🤖 AI Summary
This study addresses the high false positive rate (FPR) and demographic bias in AI misuse detection within educational settings, proposing the first adaptive AI-use detection framework tailored for classroom environments. Methodologically, it introduces the first integration of lightweight watermarking with post-hoc calibration, enabling robust detection across languages, AI models, and multi-level AI editing (e.g., grammatical refinement, content expansion) via statistical *p*-value testing, while dynamically calibrating FPR across students with diverse native-language backgrounds.

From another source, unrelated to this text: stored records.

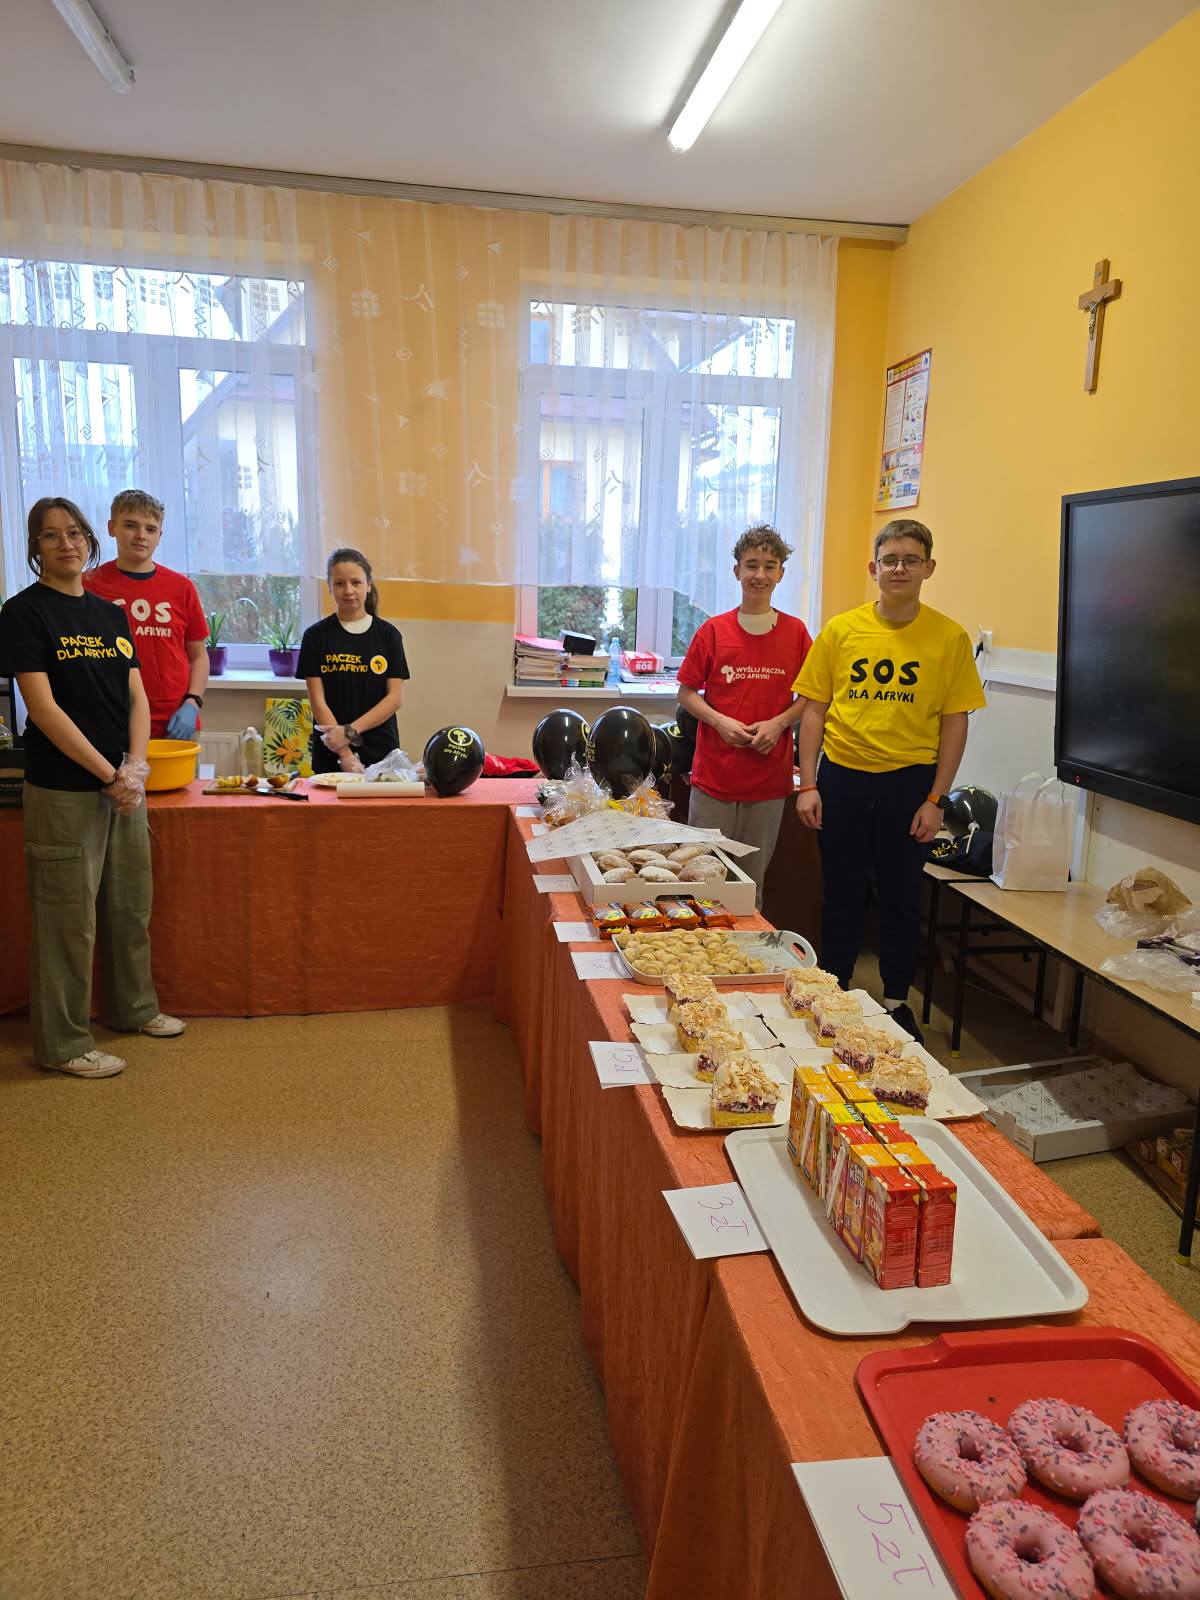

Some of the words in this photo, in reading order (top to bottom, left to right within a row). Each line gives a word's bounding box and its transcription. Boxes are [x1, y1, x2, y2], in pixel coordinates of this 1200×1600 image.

[135, 626, 172, 637] AFRYKI
[56, 648, 83, 661] DLA
[320, 664, 338, 673] DLA
[339, 664, 368, 673] AFRYKI
[850, 658, 920, 686] SOS
[848, 689, 869, 700] DLA
[873, 690, 915, 703] AFRYKI

Key contributions are: (1) mitigating systematic misclassification of non-native speakers and other underrepresented groups; (2) enabling precise identification of policy violations while permitting compliant AI-assisted learning; and (3) delivering a quantifiable, production-ready tool for academic integrity monitoring. Experiments demonstrate stable FPR ≤ 5% across multilingual and multi-model configurations—significantly outperforming baseline methods.
📝 Abstract
As artificial intelligence tools become ubiquitous in education, maintaining academic integrity while accommodating pedagogically beneficial AI assistance presents unprecedented challenges. Current AI detection systems fail to control false positive rates (FPR) and suffer from bias against minority student groups, prompting institutional suspensions of these technologies. Watermarking techniques offer statistical rigor through precise $p$-values but remain untested in educational contexts where students may use varying levels of permitted AI edits. We present the first adaptation of watermarking-based detection methods for classroom settings, introducing conformal methods that effectively control FPR across diverse classroom settings. Using essays from native and non-native English speakers, we simulate seven levels of AI editing interventions--from grammar correction to content expansion--across multiple language models and watermarking schemes, and evaluate our proposal under these different setups. Our findings provide educators with quantitative frameworks to enforce academic integrity standards while embracing AI integration in the classroom.